(Exercise input begins)

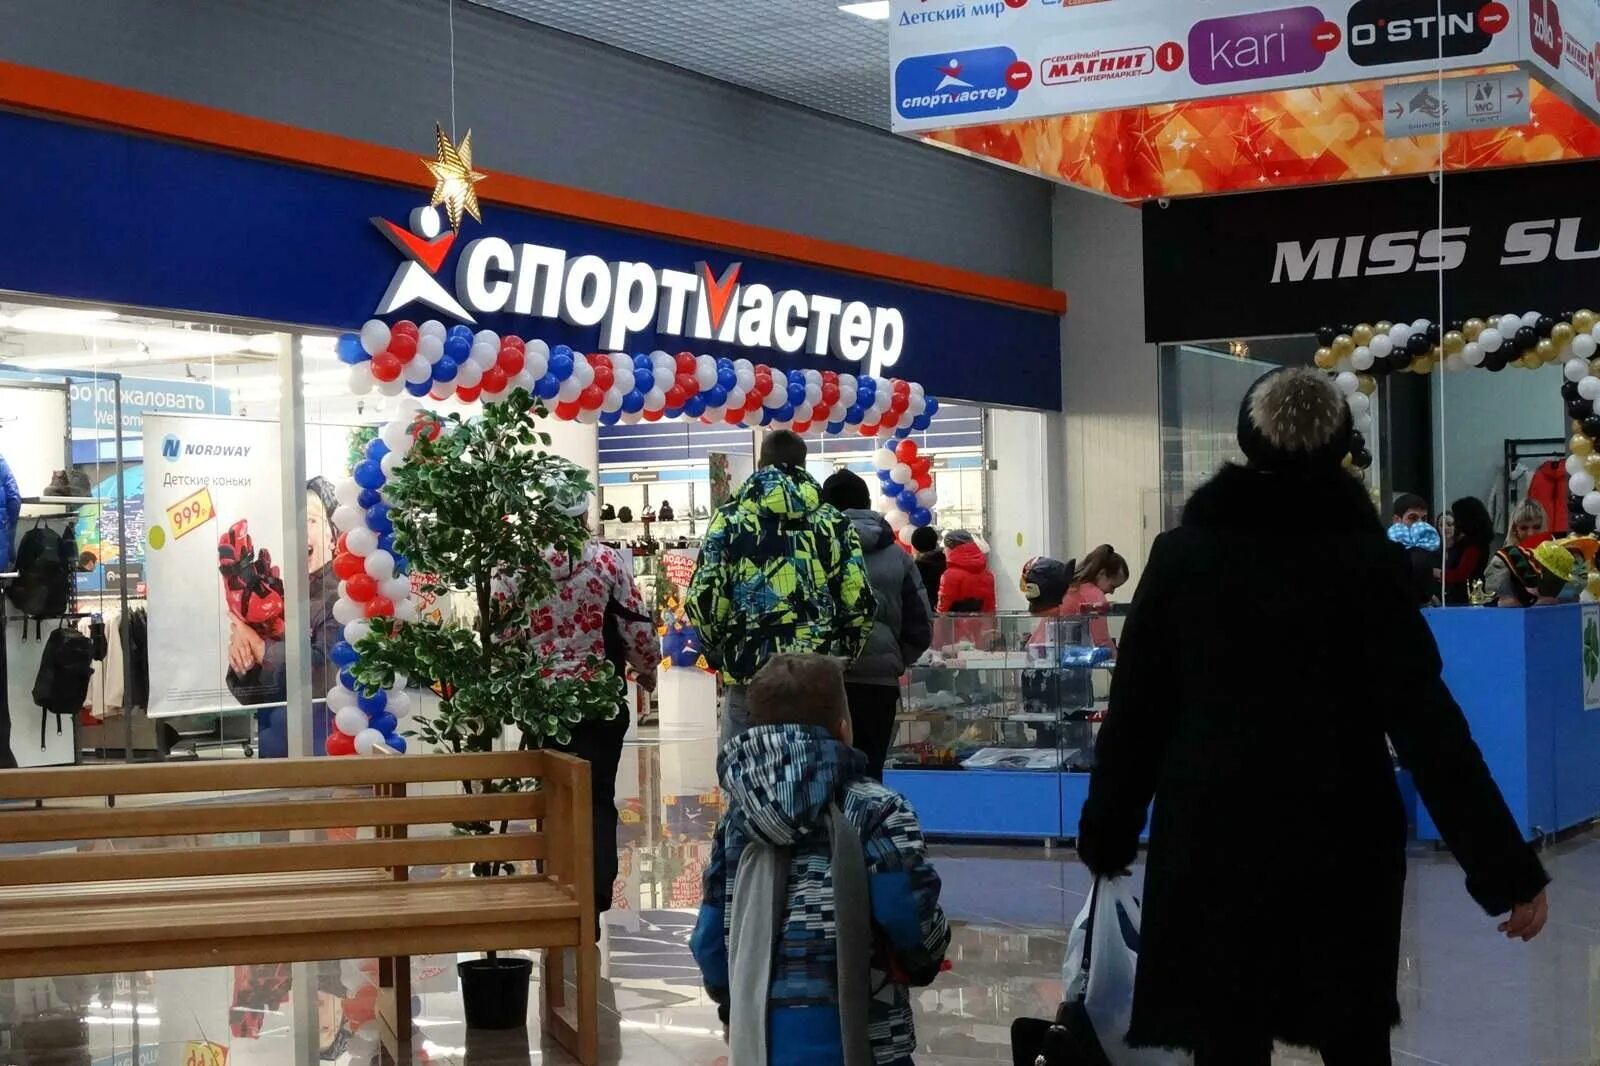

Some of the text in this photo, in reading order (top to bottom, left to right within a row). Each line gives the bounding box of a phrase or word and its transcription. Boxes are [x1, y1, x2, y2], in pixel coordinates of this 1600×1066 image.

[898, 3, 1005, 26] Детский мир
[1210, 24, 1286, 71] kari
[1051, 50, 1100, 63] СЕМЕЙНЫЙ
[1048, 54, 1146, 78] МАГНИТ
[1079, 70, 1142, 83] ГИПЕРМАРКЕТ
[1474, 102, 1494, 113] WC
[1271, 226, 1471, 284] MISS
[94, 409, 143, 426] Welom
[185, 443, 251, 457] NORDWAY
[163, 472, 252, 488] Детские коньки
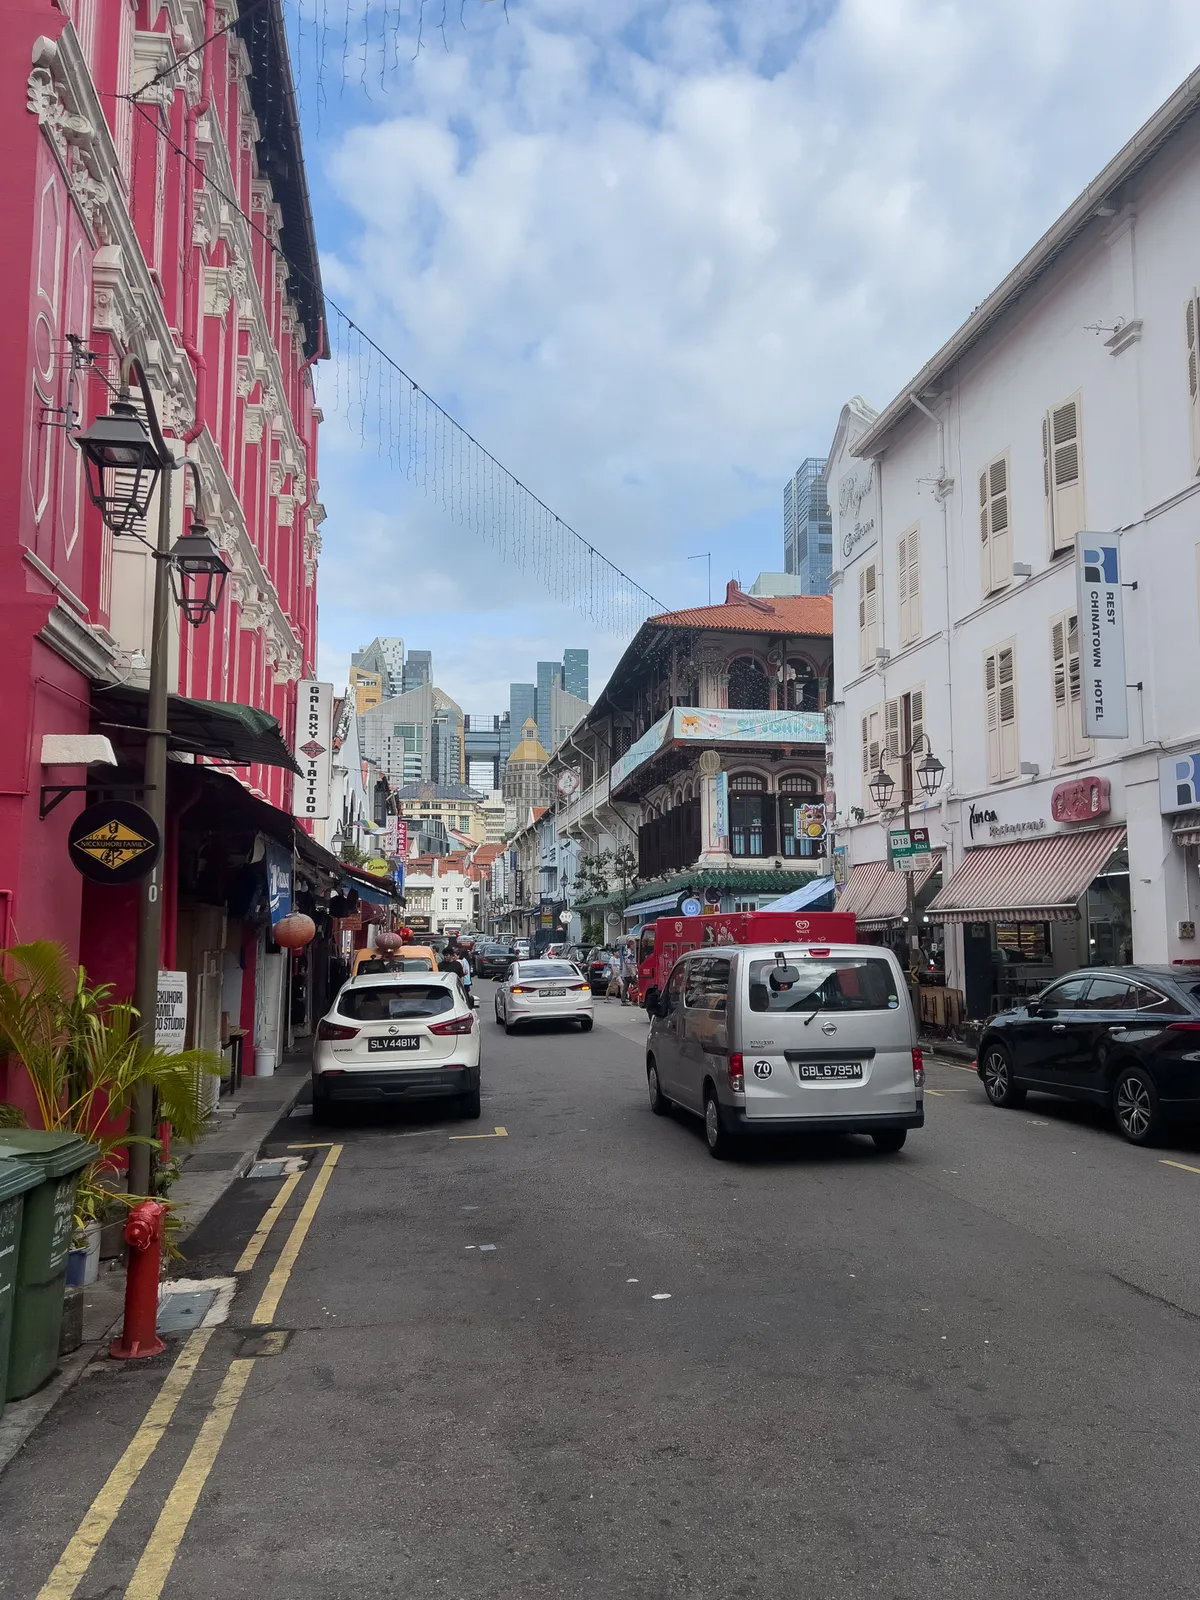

(Exercise input ends)

▶ Instructions to follow
Take each line from the records and copy it unchanged, leaving images out.

▶ Expected output
Some of the text in this photo, in reading order (top to bottom, left to right within a row). Each line gives the bounding box of a phrase or word and its transcription. Boxes are [x1, y1, x2, y2], in pixel coordinates of this 1600×1066 image.

[898, 3, 1005, 26] Детский мир
[1210, 24, 1286, 71] kari
[1051, 50, 1100, 63] СЕМЕЙНЫЙ
[1048, 54, 1146, 78] МАГНИТ
[1079, 70, 1142, 83] ГИПЕРМАРКЕТ
[1474, 102, 1494, 113] WC
[1271, 226, 1471, 284] MISS
[94, 409, 143, 426] Welom
[185, 443, 251, 457] NORDWAY
[163, 472, 252, 488] Детские коньки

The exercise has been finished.